FBI Director: Drone Attacks Likely in the United States

FBI Director Christopher Wray is convinced that terror groups will deploy drones to carry out attacks on American soil, and told a Senate committee that the threat of drones and other unmanned aircrafts is “steadily escalating.” These unmanned aerial vehicles are in widespread use, and are easy to control and fly.

"The FBI assesses that, given their retail availability, lack of verified identification requirement to procure, general ease of use, and prior use overseas, UAS will be used to facilitate an attack in the United States against a vulnerable target, such as a mass gathering," Wray said in written testimony to the Senate Homeland Security and Governmental Affairs Committee, using an acronym for unmanned aircraft systems.

Wray said that the United States has yet to face a drone attack by terrorists, but said the widespread use of the devices in overseas conflict areas suggests that it's only a matter of time before a terror organization or drug cartel employs them in an attack inside the United States.
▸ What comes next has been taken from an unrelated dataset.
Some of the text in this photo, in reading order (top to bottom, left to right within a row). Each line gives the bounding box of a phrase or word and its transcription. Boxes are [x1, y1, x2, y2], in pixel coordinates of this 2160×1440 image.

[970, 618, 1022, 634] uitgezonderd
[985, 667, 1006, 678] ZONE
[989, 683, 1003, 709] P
"Terrorist groups could easily export their battlefield experiences to use weaponized (unmanned aircraft systems) outside the conflict zone," Wray said.

"We have seen repeated and dedicated efforts to use UAS as weapons, not only by terrorist organizations, such as ISIS and al Qaeda, but also by transnational criminal organizations such as MS-13 and Mexican drug cartels, which may encourage use of this technique in the United States to conduct attacks."

The risk has only increased in the wake of the alleged assassination attempt of Venezuelan President Nicolas Maduro using explosive-laden drones, Wray said.

Maduro was unharmed when the drones detonated overhead while he was delivering a speech to hundreds of soldiers in August. Seven Venezuelan National Guard soldiers were injured in the attack in Caracas, authorities said.